Durante minha faculdade de jornalismo, senti falta de uma formação que me preparasse para atuar no campo cultural. Foi por esse motivo que entrei na academia. Em 2015, fiz minha primeira pesquisa sobre jornalismo literário e a revista piauí. No ano seguinte, me formei com uma monografia — um TCC voltado para a produção de crônicas nos jornais impresso e uma breve análise do cronista que me parecia mais ativo na época, que era o Antônio Prata.

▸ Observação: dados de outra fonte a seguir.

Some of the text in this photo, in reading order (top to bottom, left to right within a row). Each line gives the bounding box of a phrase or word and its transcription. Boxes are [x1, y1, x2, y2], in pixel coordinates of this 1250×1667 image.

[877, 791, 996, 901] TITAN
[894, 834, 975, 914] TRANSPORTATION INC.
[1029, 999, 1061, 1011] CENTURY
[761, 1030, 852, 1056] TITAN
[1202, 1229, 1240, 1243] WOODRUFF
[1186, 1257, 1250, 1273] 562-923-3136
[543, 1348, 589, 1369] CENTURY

Este texto também me deu um repertório para escrever um artigo que foi publicado em 2018: um panorama histórico da produção dos jornalistas e escritores no Brasil. Em um resumo básico, grande parte dos nomes destacados tinham que dividir o tempo da escrita autoral, alugando “a pena” para escrever os pensamentos dos outros; geralmente, da elite.

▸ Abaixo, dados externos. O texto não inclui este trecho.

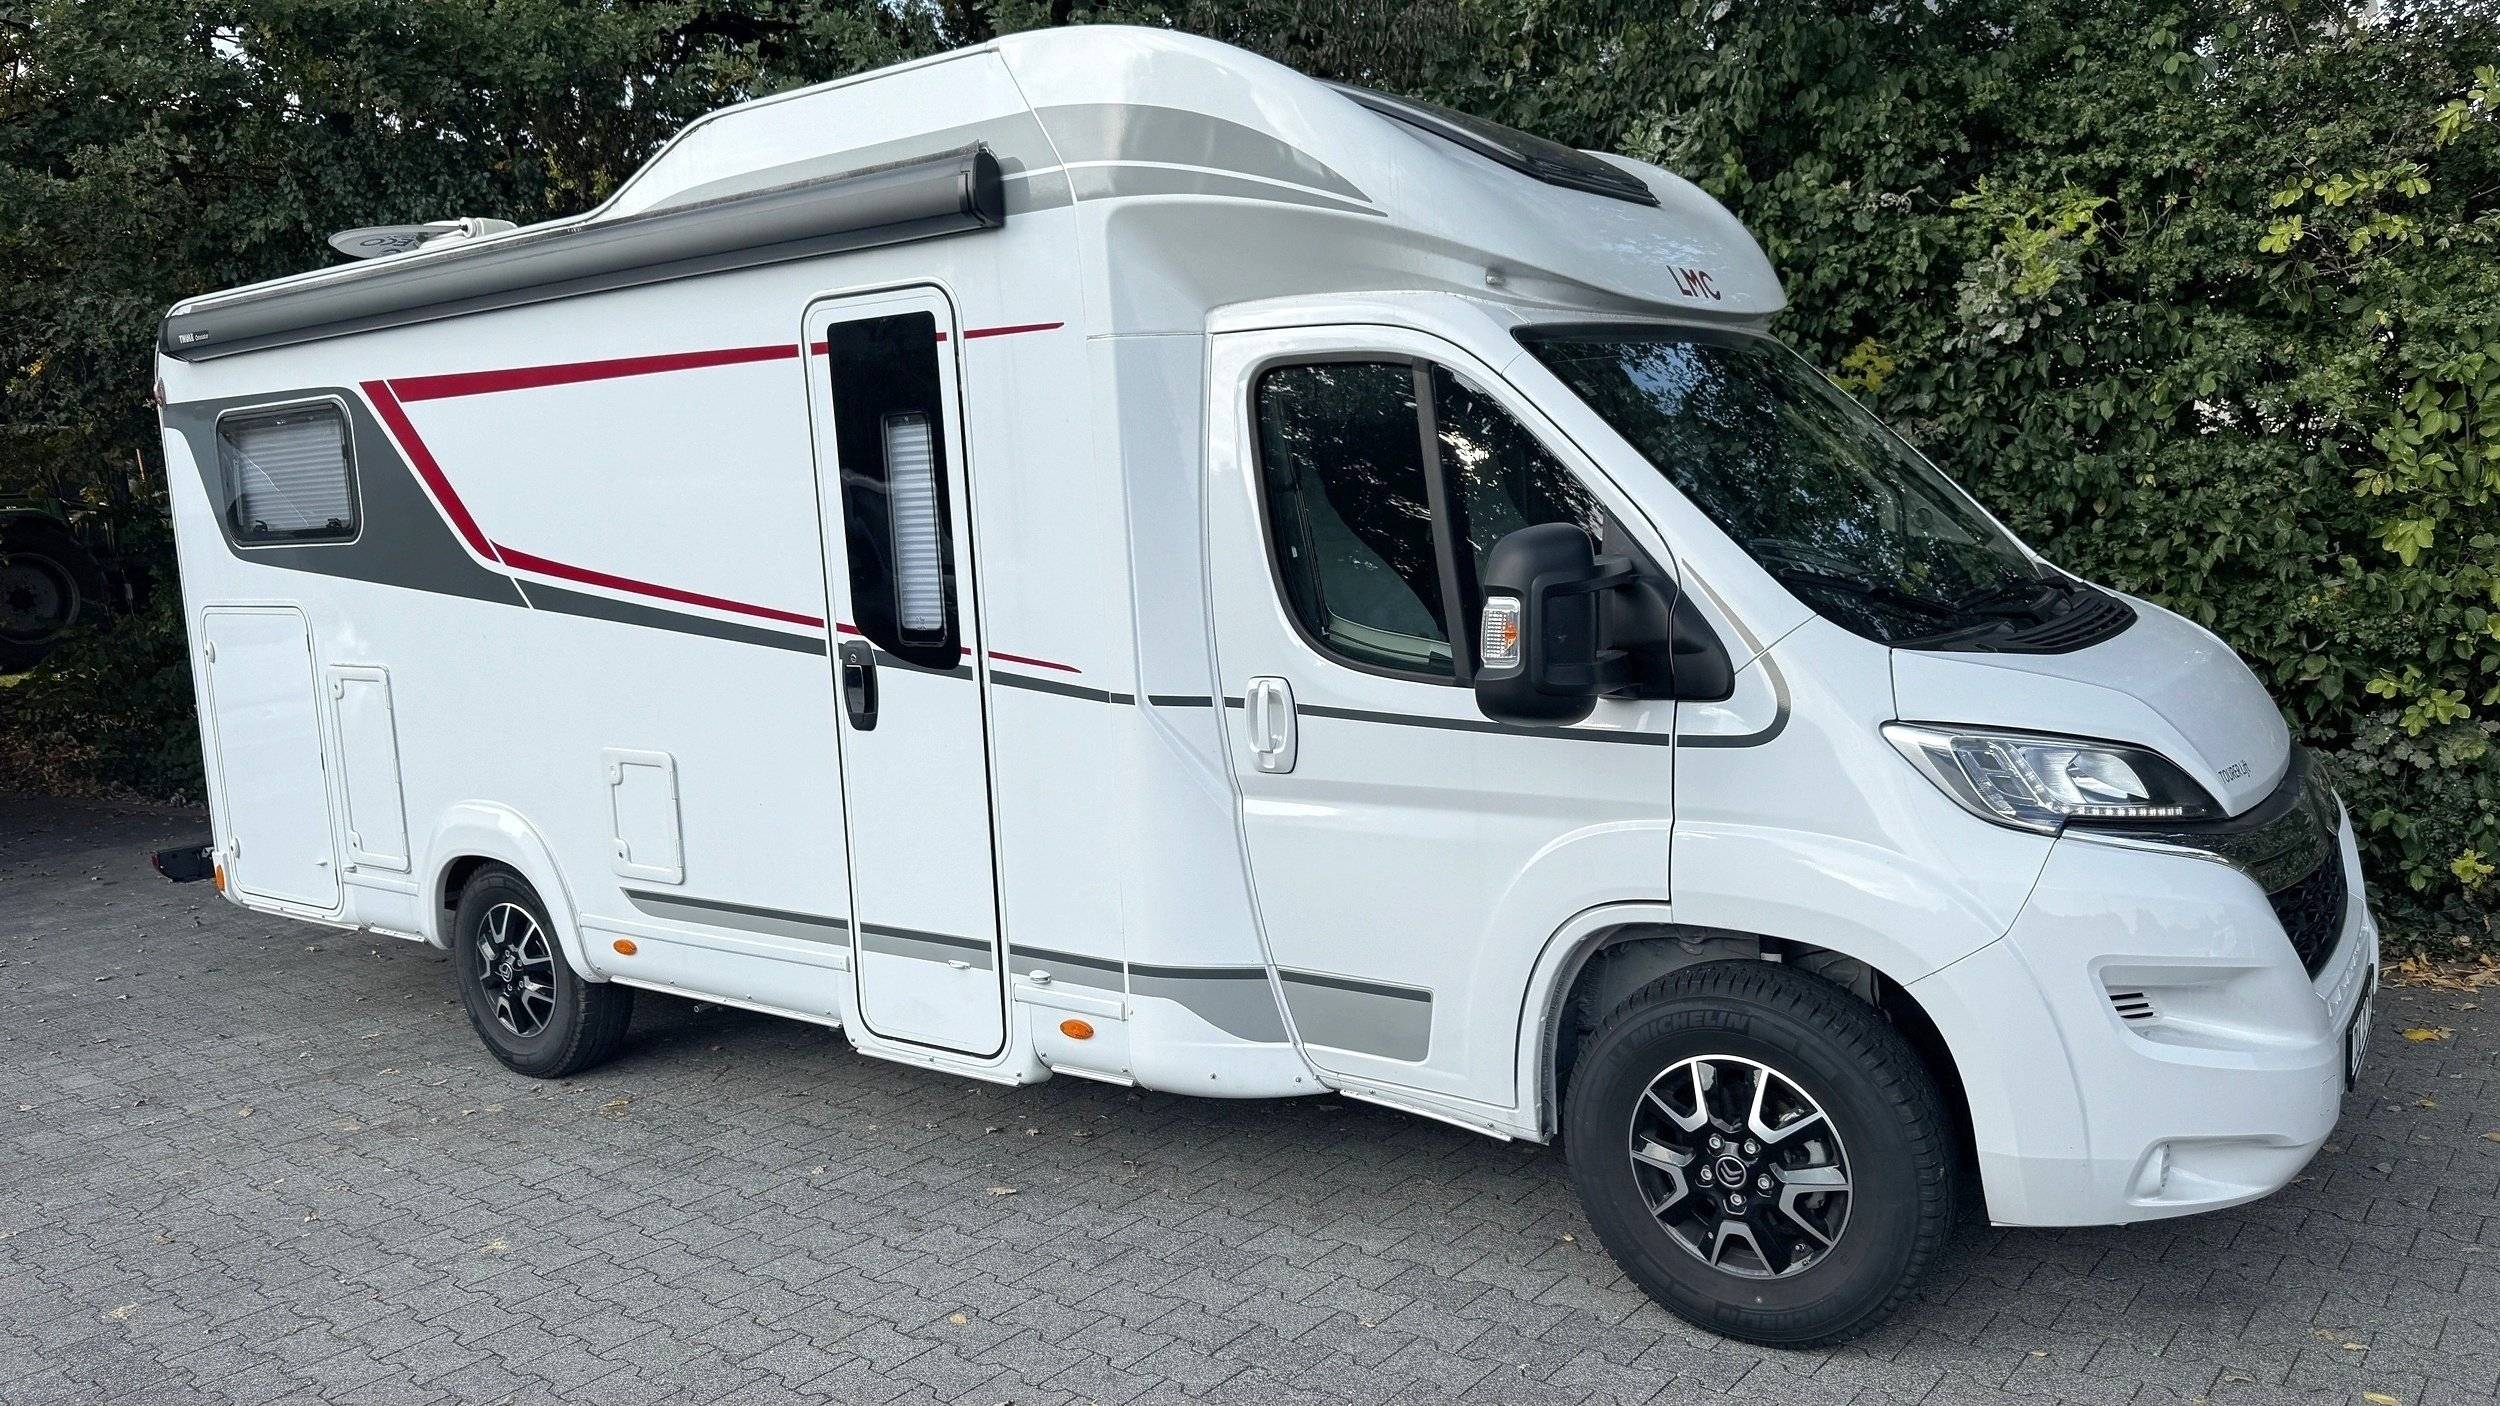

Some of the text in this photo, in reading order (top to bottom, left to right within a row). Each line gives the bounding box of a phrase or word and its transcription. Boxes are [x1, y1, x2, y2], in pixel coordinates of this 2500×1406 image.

Quando o jornalismo passa por seu momento de industrialização, os textos se tornam mais padronizados e os escritores passam a atuar em outras frentes, como a escrita de roteiros para a publicidade, a atuação no campo audiovisual ou os serviços de ghost writers. É um texto antigo, que gostaria de atualizar, mas ficou bacana.
Além disso, enquanto eu esperava o artigo ser publicado, escrevia minha dissertação sobre booktubers e crítica literária. Na época, era uma fatia interessante. Já tínhamos nomes grandes, bem conhecidos e ainda estávamos um pouco distantes do fenômeno Reels/TikTok e os vídeos de pouco segundos. Minha ideia inicial, megalomaníaca, era fazer um estudo completo da crítica literária: jornais, suplementos, podcasts, portais amadores, YouTube e blogs. Claro que, em dois anos de pesquisa, não ia dar conta de tudo.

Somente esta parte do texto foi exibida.